Il Tesoro salva CasaPound dallo sgombero: “Stabile in buone condizioni, altre priorità”

Lo sgombero dell’immobile occupato da 15 anni da CasaPound a Roma non è una priorità per il governo. A certificarlo è il ministero dell’Economia e delle Finanze con una risposta al Campidoglio che ha gelato la richiesta ufficiale avanzata nelle scorse settimane da Virginia Raggi di avviare le procedure perché il Demanio (ente vigilato dal Mef) rientri in possesso dello stabile. Prima della struttura che ospita il movimento di estrema destra, secondo i tecnici delle Finanze, a Roma ci sono da liberare decine di altri palazzi occupati, che fanno parte di una lista stilata dalla Prefettura, secondo il criterio di pericolosità statica degli edifici. Si tratta di stabili che ospitano parte delle 10 mila persone in emergenza alloggiativa che vivono in città. Il pronunciamento del Mef sottolinea ancora una volta la bolla normativa che circonda l’edificio di via Napoleone III, occupato nel dicembre 2003 e attualmente abitato da circa 20 famiglie, in buona parte riconducibili ai leader del movimento dei “fascisti del Terzo millennio”.

Quando è stato occupato lo stabile era di competenza del Miur ma l’anno successivo il ministero lo ha restituito per cessate esigenze al Demanio, che però non ha mai potuto disporne in quanto occupato. Un rimpallo di competenze che si trascina da 15 anni durante i quali l’organizzazione di estrema desta ha messo radici nel panorama politico italiano.

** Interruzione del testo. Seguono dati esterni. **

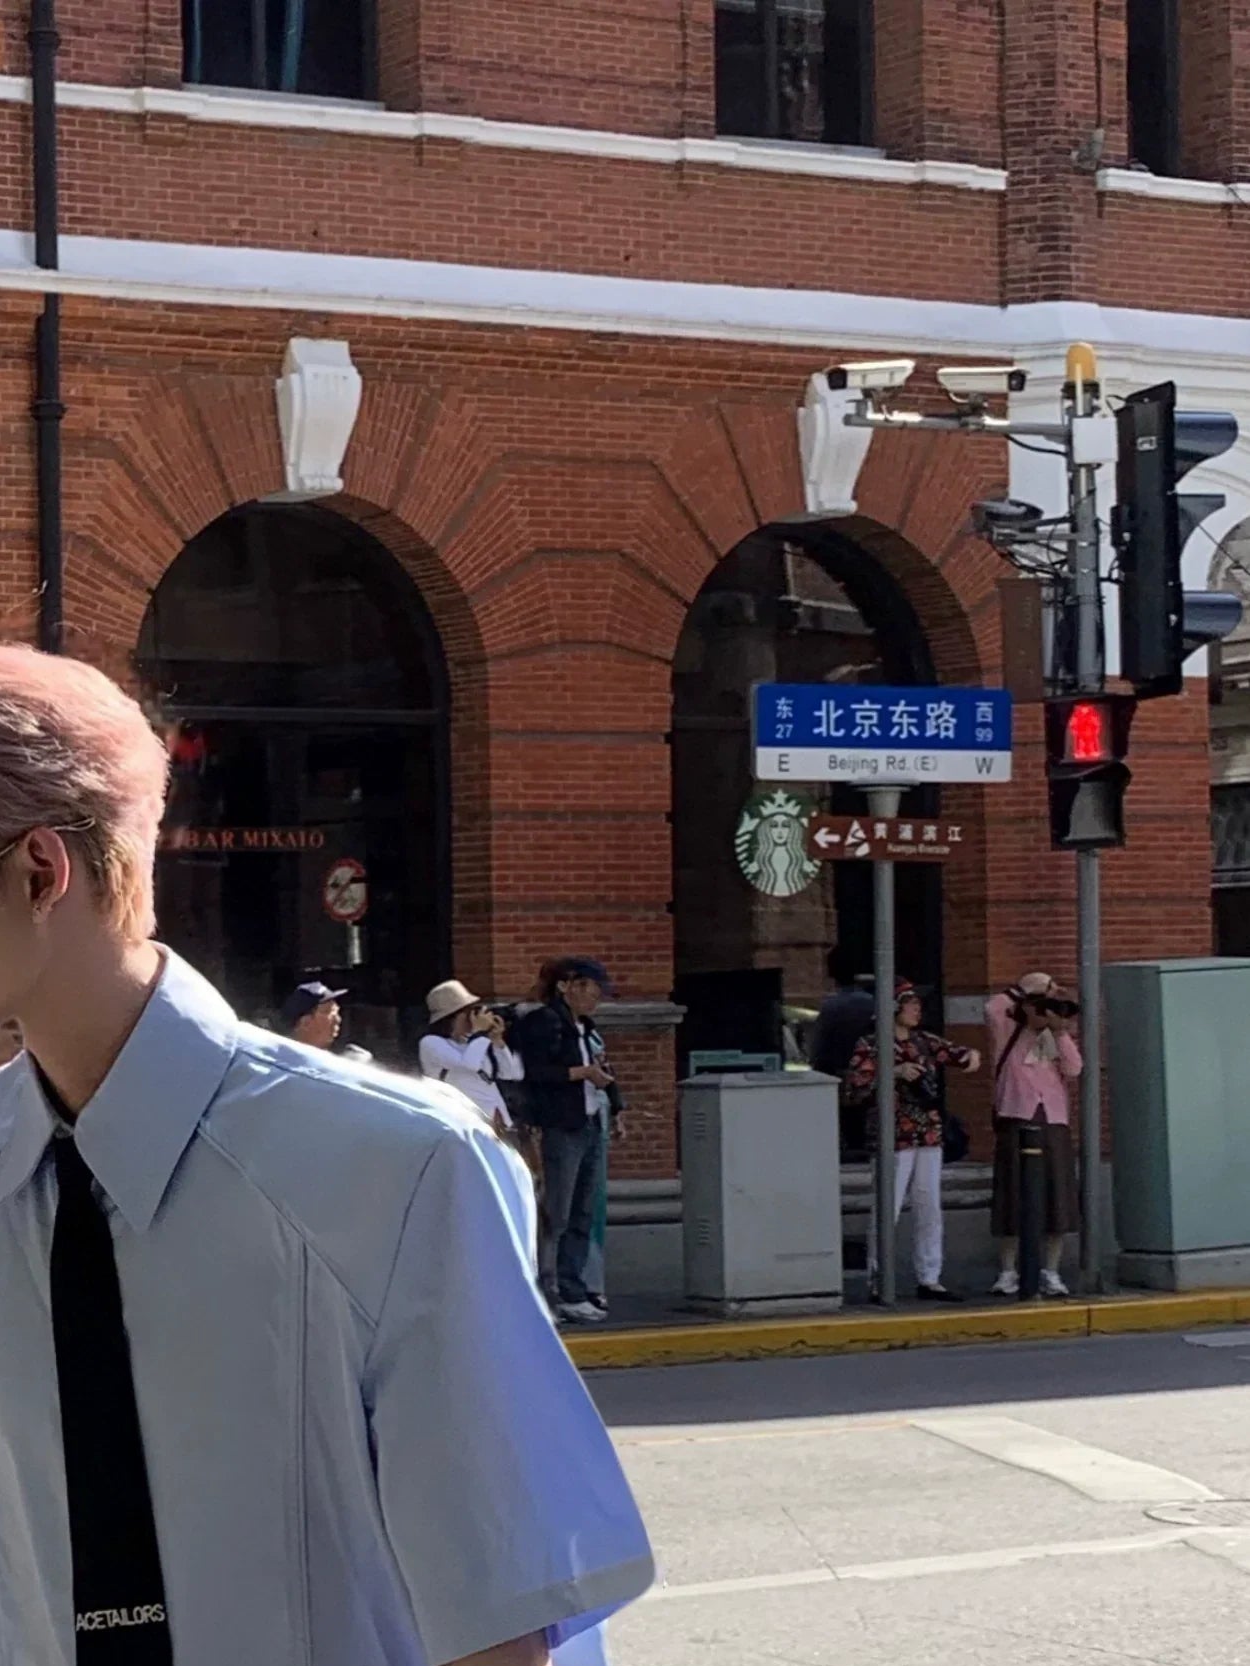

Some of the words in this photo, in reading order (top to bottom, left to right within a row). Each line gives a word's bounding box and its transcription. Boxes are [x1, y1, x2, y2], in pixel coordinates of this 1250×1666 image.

“A questo punto l’effettuazione dello sgombero dovrà essere valutata dal prefetto di Roma, che non lo ritiene prioritario in forza dei criteri stabiliti ad hoc”, sottolinea via XX settembre. Una soluzione tecnica che, di fatto, allinea il Tesoro sulla posizione del vice premier Matteo Salvini, che nei mesi scorsi aveva ribadito: “Io parto dagli edifici pericolanti”. Dunque niente ‘ruspa’ sugli occupanti in questo caso per il leader della Lega, che negli scorsi anni ha intessuto un dialogo con i leader di CasaPound. Non a caso ieri è tornata a circolare sulla rete una foto del 2015 che ritrae il titolare del Viminale a cena con il vertice del movimento al gran completo.

Delusa la sindaca Raggi, imbrigliata dal ruolo di governo del M5S per poter contestare apertamente la scelta del dicastero guidato da Giovanni Tria. Nell’ottobre scorso la sindaca aveva sottolineato che lo sgombero dell’edificio sarebbe stato “un bel segnale per la città”. Mentre è di poche settimane fa la mozione approvata dell’Assemblea Capitolina, presentata dal Pd e sostenuta dai voti del M5S, che chiede alla sindaca di attivarsi per lo sgombero immediato dello stabile.

In serata la parziale retromarcia del Mef: “Il ministro dell’Economia Giovanni Tria non ha mai scritto nessuna lettera a proposito dello sgombero di Casa Pound pur essendo perfettamente informato dei reiterati passi e dei necessari adempimenti svolti dal direttore dell’Agenzia del Demanio per ottenere dal Prefetto di Roma la disponibilità dell’immobile occupato di Via Napoleone III”. È quanto ha precisato il ministro in una nota.